Thirty-eight teens in Staunton, Waynesboro, and Augusta County are getting paychecks through the Office on Youth's Summer Youth Employment Training Program.

Fourteen-year-old Ashlynne Kiehl is saving up her paycheck from the stimulus summer job at a Staunton childcare center to help chip in on a family trip.

"We don't have a lot of money," Kiehl said. "My brother - he's autistic - and we need the help around the house."

Kiehl plays games with the kids, lays out cots for nap time, and serves up snacks.
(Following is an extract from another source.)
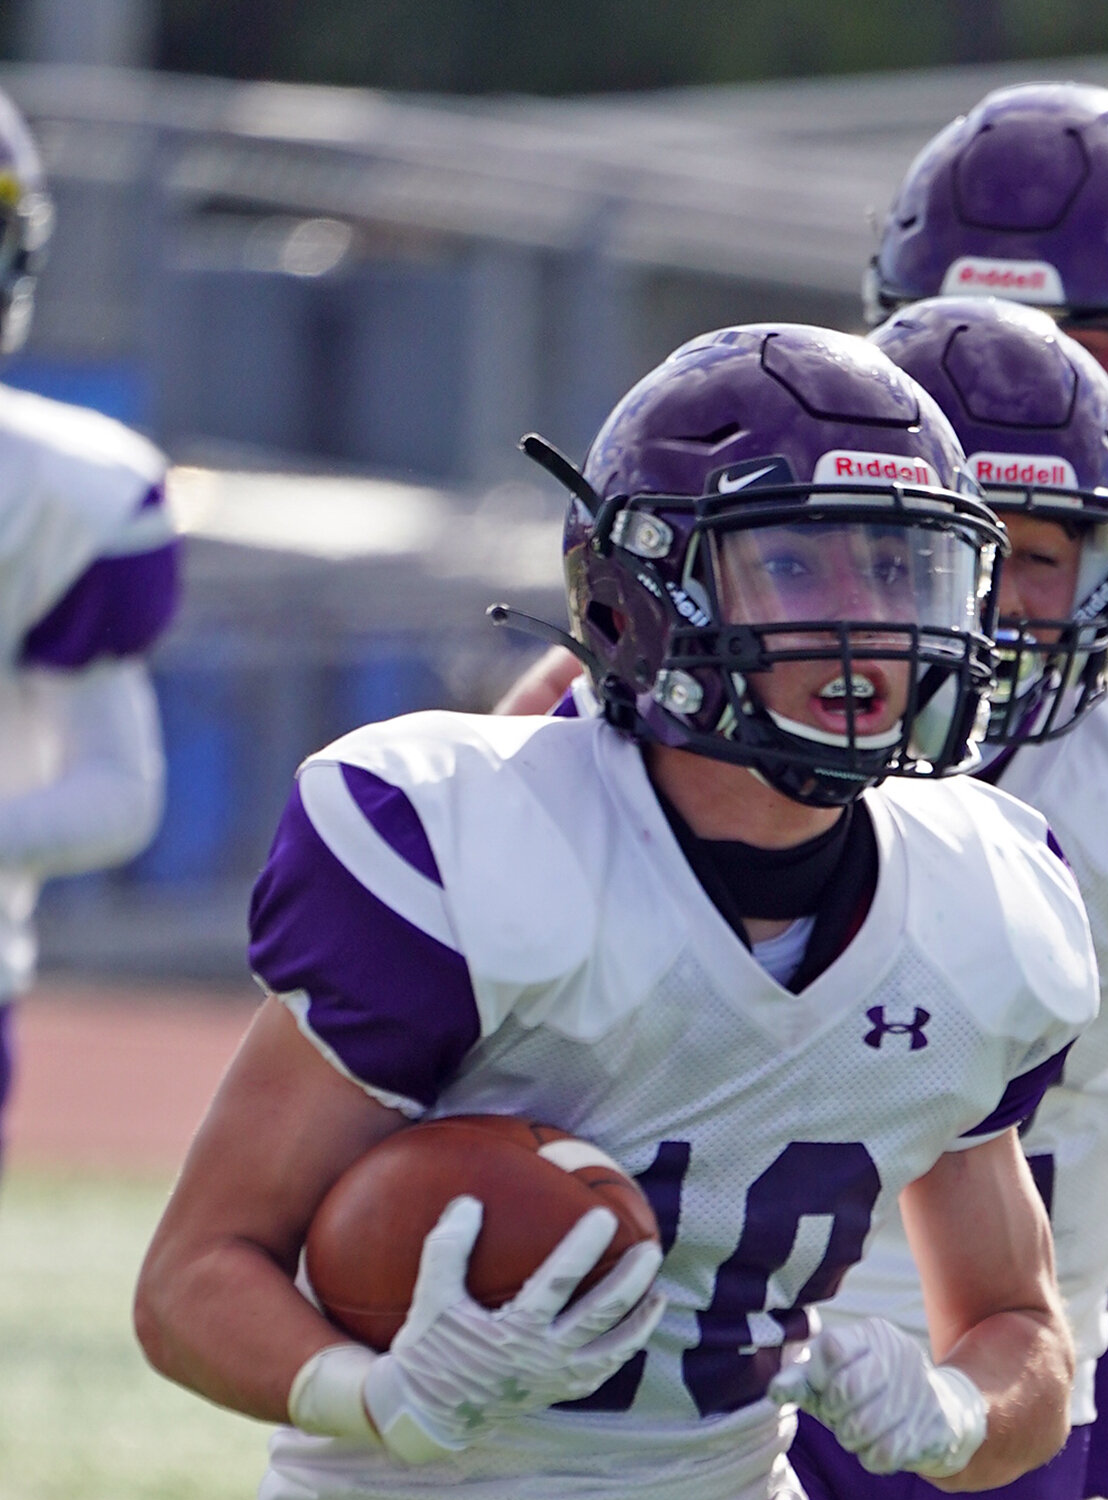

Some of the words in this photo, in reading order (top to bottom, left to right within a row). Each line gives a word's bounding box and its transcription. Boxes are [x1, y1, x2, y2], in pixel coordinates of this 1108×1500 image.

[958, 267, 1047, 290] Riddell
[835, 457, 930, 486] Riddell
[977, 461, 1066, 485] Riddell
She says this job is more than just fun.

"I do so well with the kids, and it's a lot of fun teaching them, helping them," Kiehl said.

Kiehl is just one of the 38 teens learning on the job through the training program. "We may be giving them an opportunity they're not going to have without us," said Office on Youth Division Supervisor Sharon McGaughey.

Forty thousand dollars from the stimulus more than doubled the program's payroll this summer. "We were able to hire more kids, pay them more money, and let them work longer hours," McGaughey said.

The program puts low-income, at-risk, or disabled teens to work in places like schools, childcare centers, stables, and city parks.

"We're not just giving them work skills," McGaughey said. "We're giving them life skills so that they're ready to be contributing members of society."

Cody Campbell is ready to turn his summer job with the program into a full time career. "I'm determined to get this job," Campbell said of his future. "I will get this job!"

Campbell is working with Augusta County Schools' information technology department. It's an experience that he says will pay off for his future.

"This is a great opportunity," Campbell said. "I could not have asked for anything better than this."

The Office on Youth will continue to follow the summer job program teens for a year after their work is done. The office will offer job and life skills workshops, teen activities, and school help.